The Night Exhibit rises

Posted by: Rebecca Whitham, Editor

Indian flying fox fruit bats. Photo: Ryan Hawk/Woodland Park Zoo.

It’s a new dawn for the Night Exhibit.

Since the popular exhibit closed in the wake of the 2009 recession, we’ve heard one message from you all loud and clear—the dark night must return.

With the all new Banyan Wilds tiger and sloth bear exhibits now complete, and butterflies returning later this year, the time is right to shine a light, so to speak, on nocturnal animals once again.

In 2018, we plan to re-open a renovated Night Exhibit showcasing nocturnal animals in the dark.

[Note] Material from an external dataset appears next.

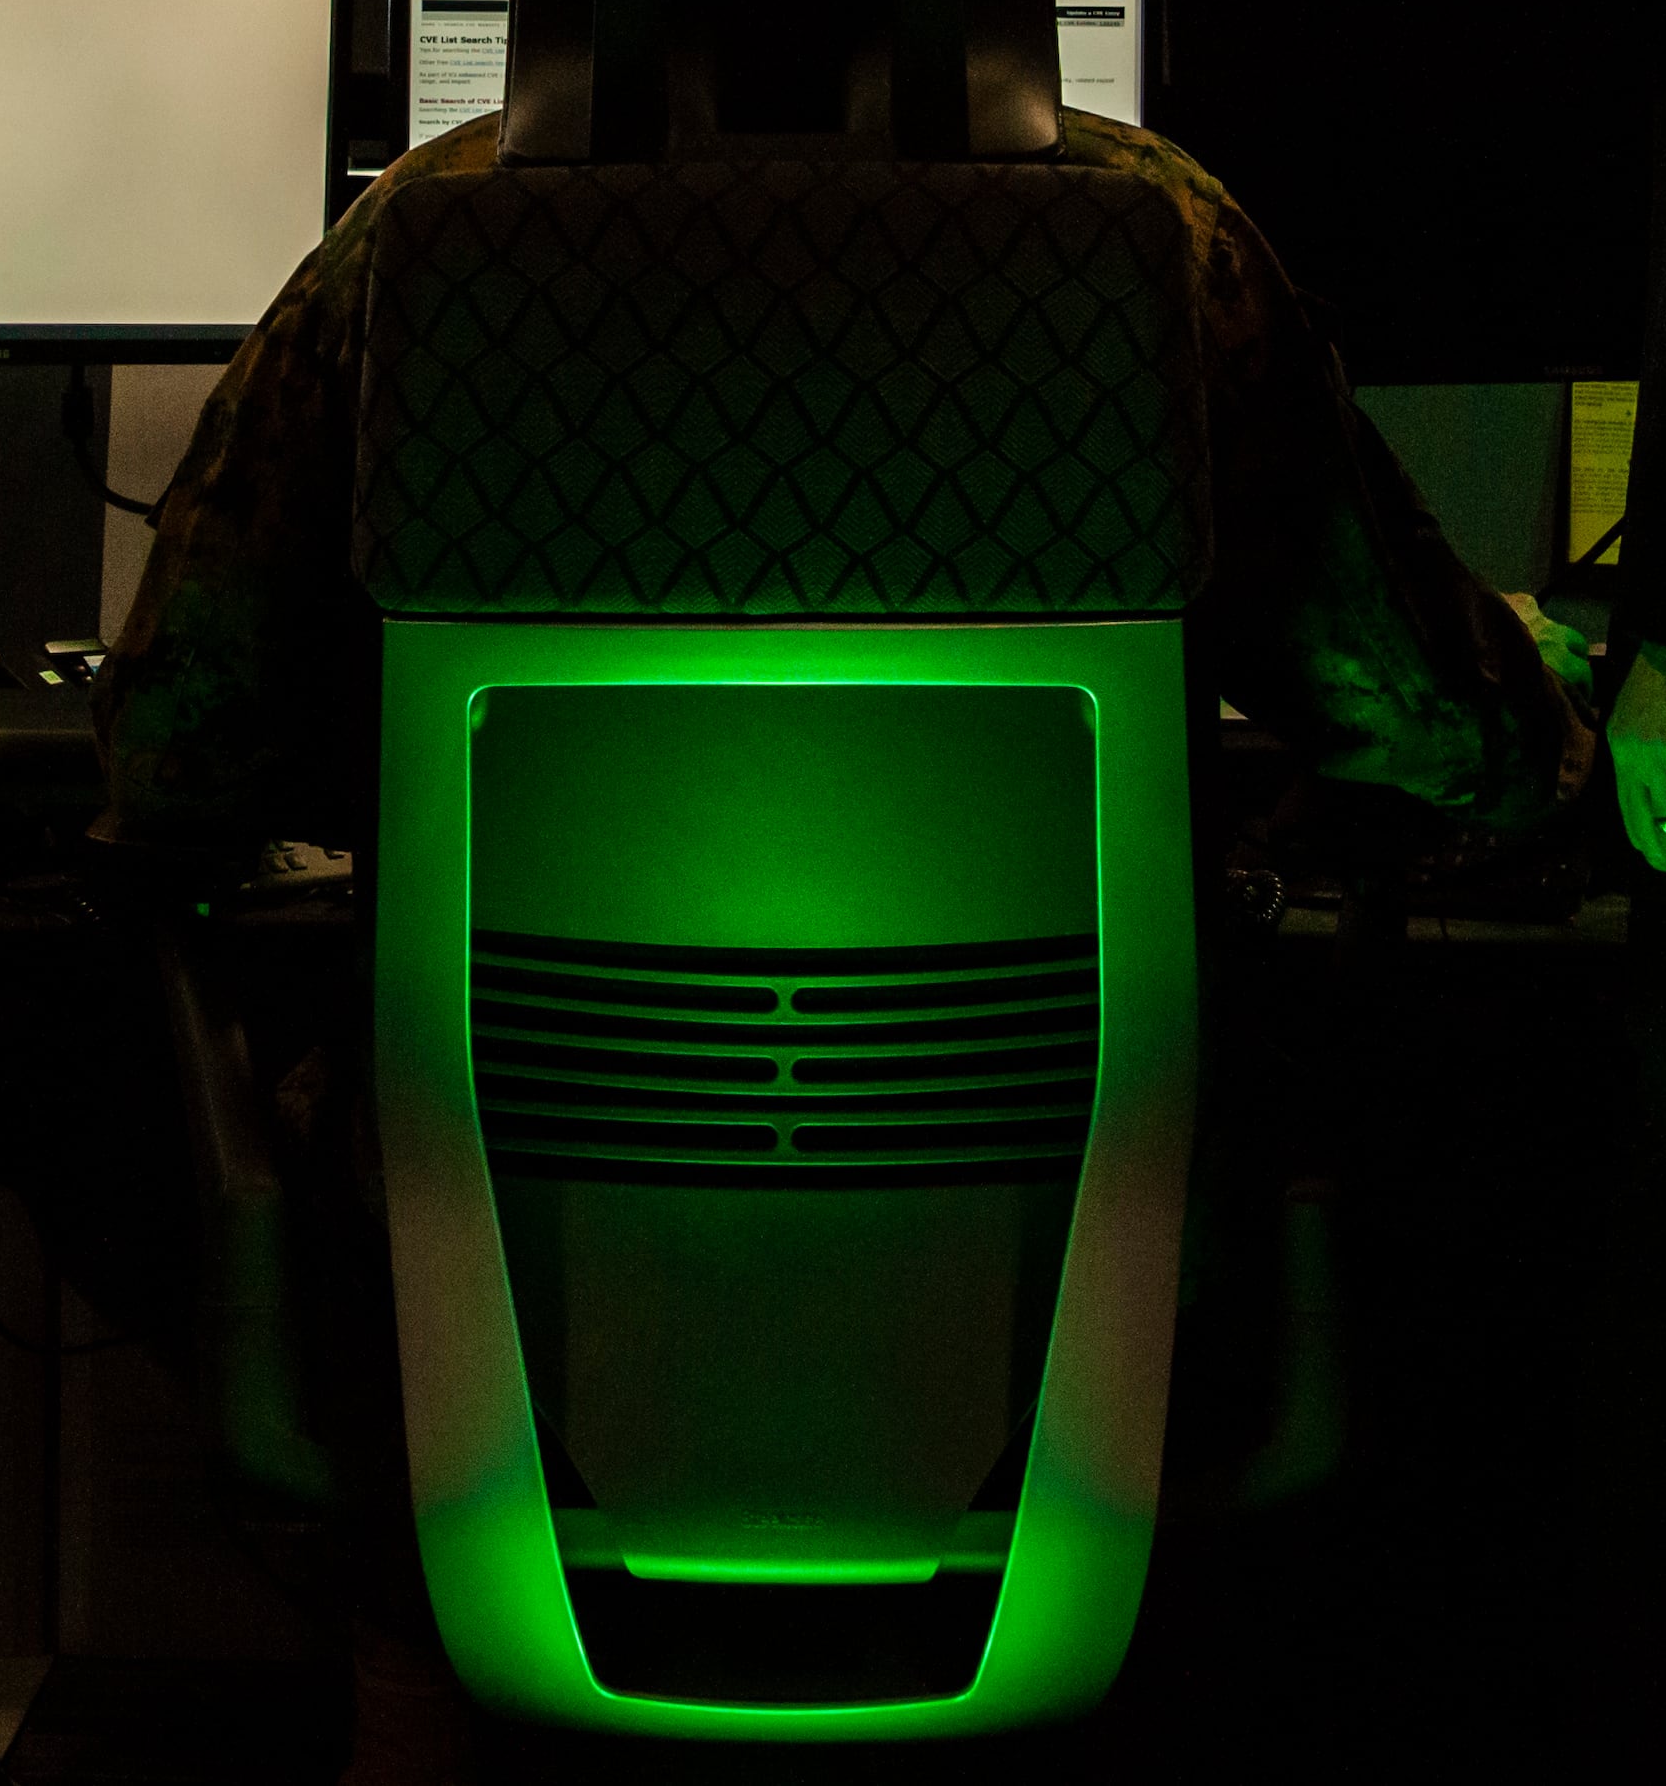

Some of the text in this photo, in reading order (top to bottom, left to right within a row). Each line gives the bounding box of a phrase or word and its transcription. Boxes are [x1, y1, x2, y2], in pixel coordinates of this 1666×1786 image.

[419, 36, 439, 44] CVE
[441, 36, 458, 44] List
[461, 36, 493, 44] Search

The Night Exhibit will be renovated with a planned opening in 2018. Photo: Ryan Hawk/Woodland Park Zoo.

Our night vision will come together over the next two years as we design, renovate and open the exhibit thanks to a public-private partnership, using funds available for major repairs from the city of Seattle Park District, along with private philanthropy.

Approved by voters in 2014, the Seattle Park District provides more than $47 million a year in long-term funding for Seattle Parks and Recreation including maintenance of parklands and facilities, including major maintenance at the zoo and aquarium; operation of community centers and recreation programs; and development of new neighborhood parks on previously acquired sites.

Artist’s rendering depicts exhibit entry where daytime visitors adjust their eyes as they transition into darkness.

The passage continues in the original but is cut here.